The panel was moderated by Will Cooper, who graduated Berkeley Law in 2011, and is now a vice president of litigation and compliance at Fortinet, an S&P 500 cybersecurity company. Cooper noted that the panel’s inclusion of professionals from the legal and communications side represents the reality in how firms tend to respond to breaches. “In any breach response situation, you’re always going to have a lot of collaboration and coordination among various functional groups,” Cooper noted. “Here we’ve got the legal side with Marci, the product and engineering side with Rose, and the communications side with Scott. Sometimes the decisive factor in an organization’s success in responding to a breach is how that communication and collaboration across the functional group play out.”

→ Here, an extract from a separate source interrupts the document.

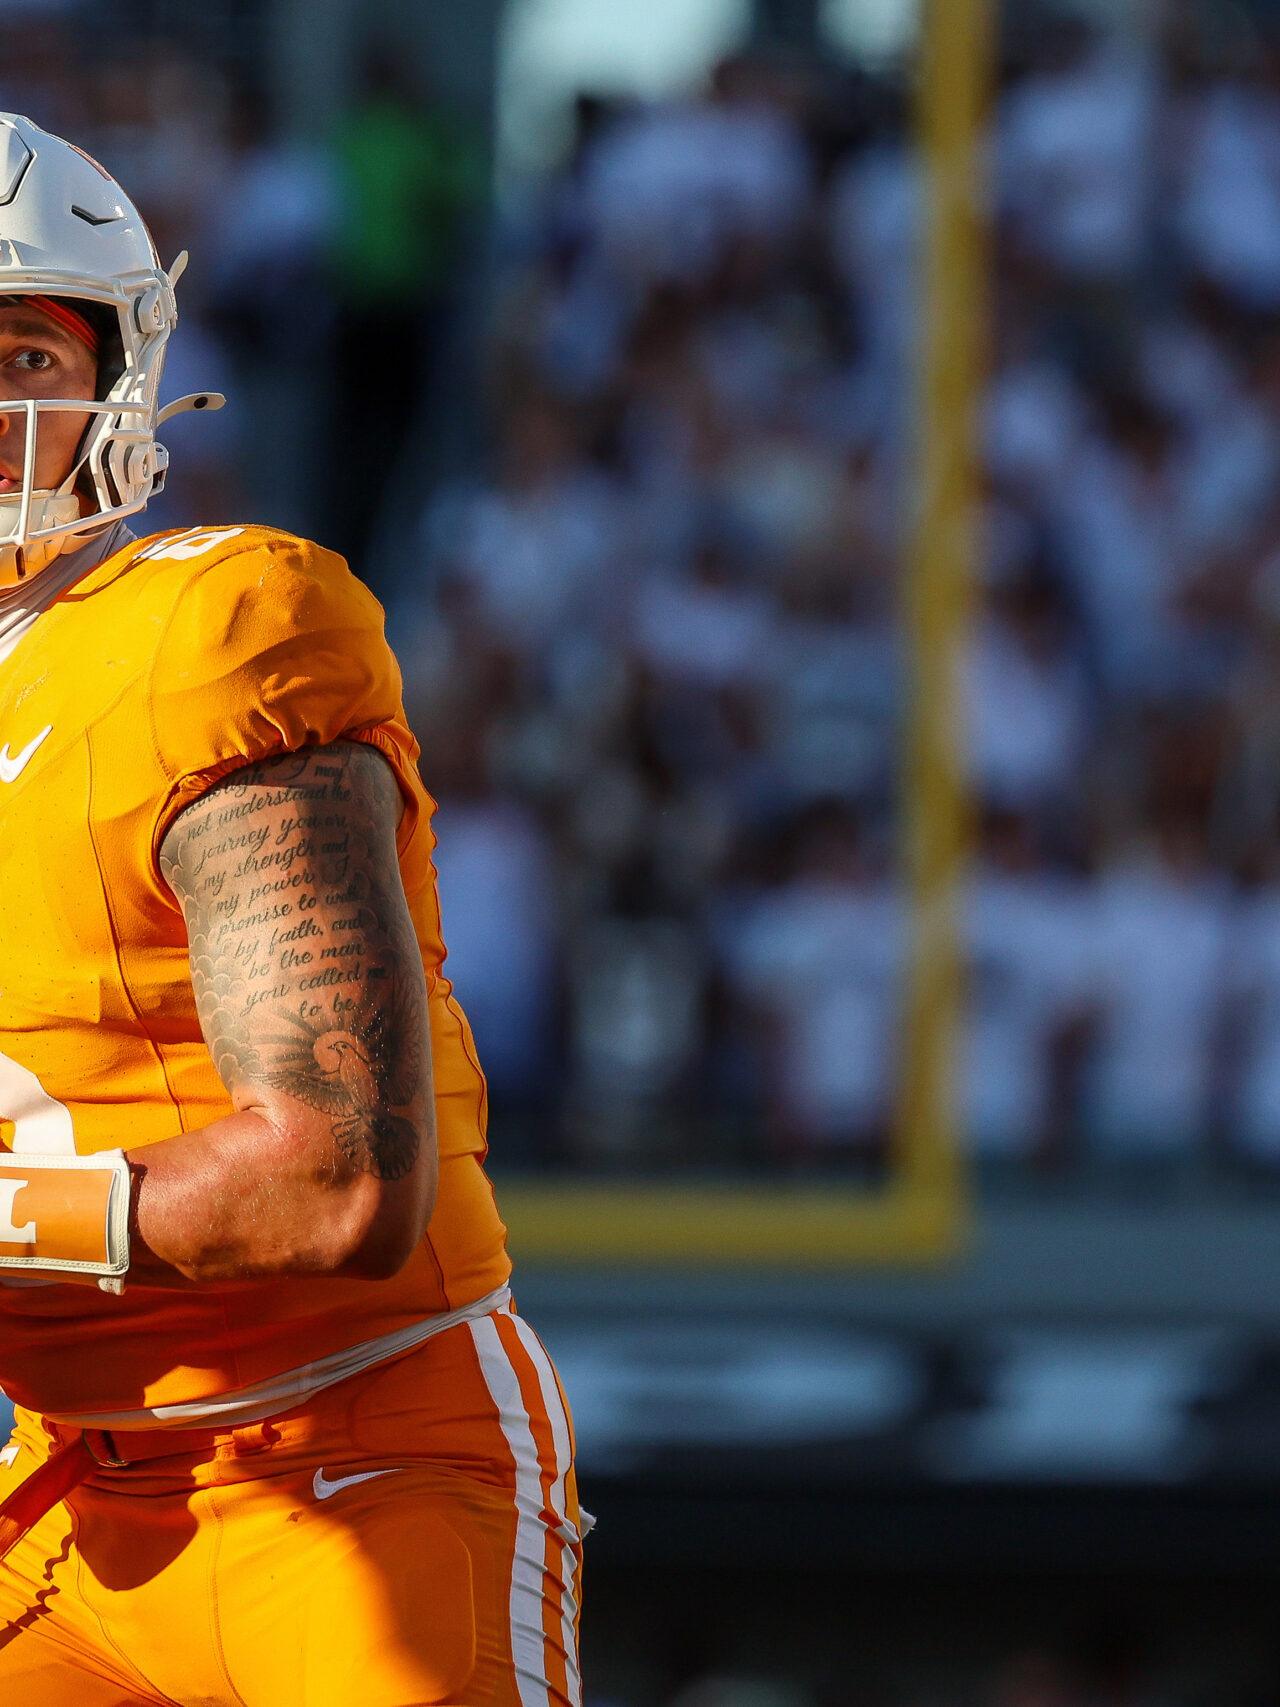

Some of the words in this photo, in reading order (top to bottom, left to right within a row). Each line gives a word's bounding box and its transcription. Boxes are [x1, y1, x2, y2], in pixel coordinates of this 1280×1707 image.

Roselene Gomes noted that the nature of firms’ response has changed as the range of threats has expanded. “Historically, cybersecurity has been a defensive game: the when, where, and how was determined by the attacker,” she said. “Today, we have to go a step further and protect customer data, and that requires a proactive stance to be taken by the organization. That’s where my role comes in: managing those conversations with our B2B customers to help them make sure that cybersecurity and fraud are top of mind.”
Marci Rozen explained that her role is to serve as a “breach coach,” guiding clients through challenges like engaging forensic specialists, managing internal and external communications, and analyzing legal notification obligations. “The very first thing I’m thinking about when an incident comes in is how risky the incident is, from a legal perspective, and whether the client has done anything to either mitigate that risk or heighten that risk,” she explained.
Scott Lindlaw agreed that data breaches are cross-disciplinary events, explaining that his role is to help firms communicate to the public and instill a sense of trust. “A lot of companies think of this as just a legal event or a technical event, but the real issue from our lane is that the goodwill and trust that companies have built up over years or decades can just evaporate in a second.”